Saved entries
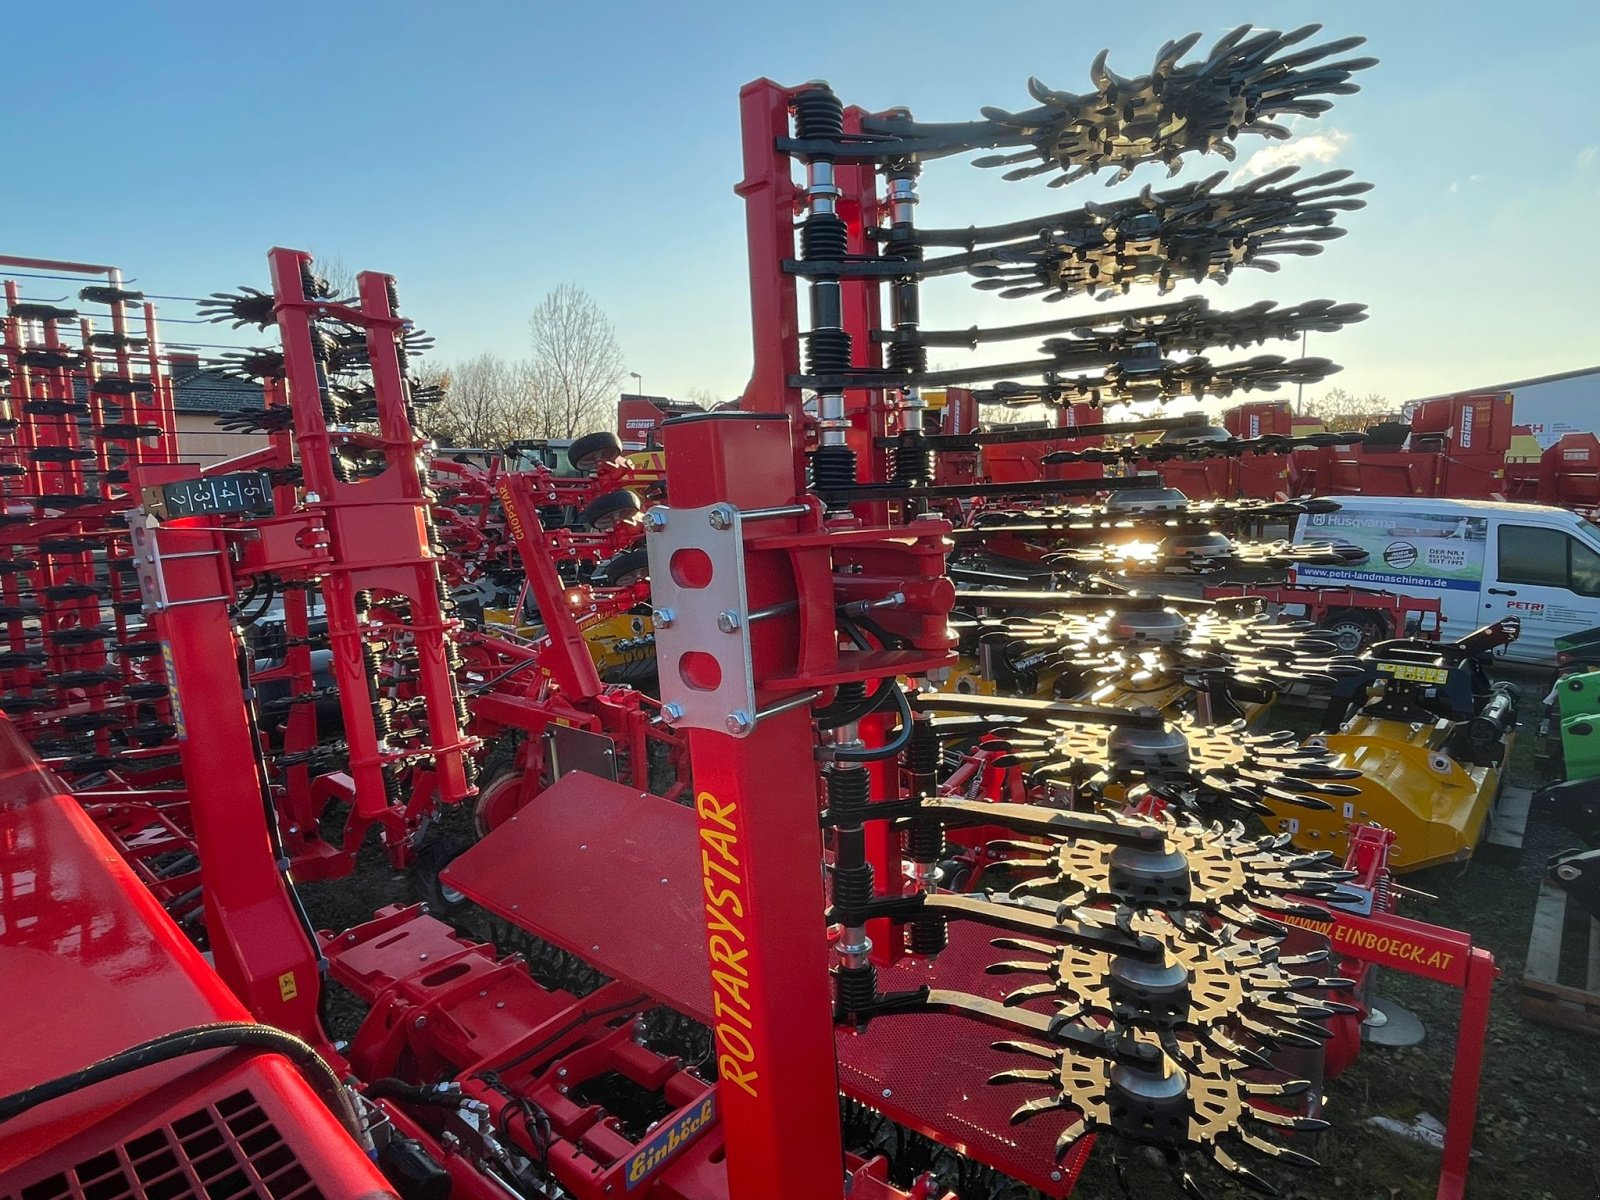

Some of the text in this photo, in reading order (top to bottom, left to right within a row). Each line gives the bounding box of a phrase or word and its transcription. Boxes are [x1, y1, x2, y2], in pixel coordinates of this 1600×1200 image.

[1462, 405, 1474, 448] GRIMME
[193, 491, 211, 502] 3
[220, 488, 236, 498] 4
[244, 487, 260, 497] 5
[500, 484, 525, 540] CHOPSTAR
[1327, 514, 1396, 529] Husqvarna
[1304, 567, 1448, 587] www.petri-landmaschinen.de
[1506, 601, 1545, 611] PETRI
[697, 792, 758, 1098] ROTARYSTAR
[629, 1099, 712, 1182] Einböck

**EXERCISE REQUIREMENTS**
Output all data exactly, omitting images.

**REPLY**
Some of the text in this photo, in reading order (top to bottom, left to right within a row). Each line gives the bounding box of a phrase or word and its transcription. Boxes are [x1, y1, x2, y2], in pixel coordinates of this 1600×1200 image.

[1462, 405, 1474, 448] GRIMME
[193, 491, 211, 502] 3
[220, 488, 236, 498] 4
[244, 487, 260, 497] 5
[500, 484, 525, 540] CHOPSTAR
[1327, 514, 1396, 529] Husqvarna
[1304, 567, 1448, 587] www.petri-landmaschinen.de
[1506, 601, 1545, 611] PETRI
[697, 792, 758, 1098] ROTARYSTAR
[629, 1099, 712, 1182] Einböck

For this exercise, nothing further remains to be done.